30 to 70 years
Granite and Schist
The Chon family started working in Burgundy vineyards at the end of 17th century. It had been recorded that after the dreadful frost of 1709 destroying a large chunk of the French vineyards, Mathurin Chon left his village for ‘la Cote Atlantique’, and settled in the Nantes area at St. Julien de Concelles. There he started producing Muscadet from the Burgundian Melon grapevine. Three centuries fast forward, and the family owns 60 ha of vines on granite and schist soils, and uses the modern techniques in wine production. Located 12 km (7.5 miles) east of Nantes, the Château de la Jousselinière is a quality center of Nantes winemaking. Furthermore, organic and biodynamic approaches are being seriously considered.

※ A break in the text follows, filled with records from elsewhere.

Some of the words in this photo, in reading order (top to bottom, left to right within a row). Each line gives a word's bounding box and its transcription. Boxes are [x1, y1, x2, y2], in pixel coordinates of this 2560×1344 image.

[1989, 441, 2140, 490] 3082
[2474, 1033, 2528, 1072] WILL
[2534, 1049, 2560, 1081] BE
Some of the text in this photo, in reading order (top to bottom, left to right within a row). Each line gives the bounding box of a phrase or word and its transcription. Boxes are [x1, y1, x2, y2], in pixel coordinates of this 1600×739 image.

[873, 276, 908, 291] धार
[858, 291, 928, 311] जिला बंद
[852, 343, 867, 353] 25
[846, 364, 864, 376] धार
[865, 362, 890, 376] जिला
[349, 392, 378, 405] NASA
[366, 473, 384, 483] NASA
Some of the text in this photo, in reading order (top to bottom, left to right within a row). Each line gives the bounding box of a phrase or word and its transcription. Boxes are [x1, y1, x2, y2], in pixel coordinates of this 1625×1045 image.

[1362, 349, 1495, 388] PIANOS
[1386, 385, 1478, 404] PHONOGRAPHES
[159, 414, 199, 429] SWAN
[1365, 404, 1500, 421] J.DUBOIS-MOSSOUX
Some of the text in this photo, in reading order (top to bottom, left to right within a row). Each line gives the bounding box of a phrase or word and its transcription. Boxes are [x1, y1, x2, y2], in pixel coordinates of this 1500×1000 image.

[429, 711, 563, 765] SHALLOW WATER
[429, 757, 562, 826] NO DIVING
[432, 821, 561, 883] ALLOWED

They practice organic viticulture in a patchwork of crus demonstrating subtle yet apparent distinctions of various micro-locations. The traditional viticulture and vinification involve glass/epoxy lined cement tanks. The quality of wines is achieved through temperature-controlled fermentation, cold stabilization, vacuum bottling and corking. The wines of Château de la Jousselinière are clean, focused and extremely expressive, yet very reasonably priced.
Jean-Gilbert and sons produce a few styles of Muscadet Sevre et Maine Sur Lie, and they also produce Rolle Blanche, Chardonnay and Cabernet Franc. The hills of the Chateau de la Jousseliniere have a typical terroir of the wine region of Nantes. The ground composed of broken schist allows a deep development of the roots, which confers a great structure to the wine. The roots of the vines must go very deep in order to find all the essential nutrients.
The Château de la Jousselinière Folle Blanche from the Loire is a perfect oyster wine. That wine even has an oyster on its label. The wine undergoes the ‘sur lie’ aging technique to balance the acidity and body with a nice little hourglass shape. Subtle hints of sea foam and rich citrus fruit rise from the glass and the bone-dry palate is superbly enhanced with lovely salty notes and lemongrass. The marriage of Folle Blanche and oysters may start.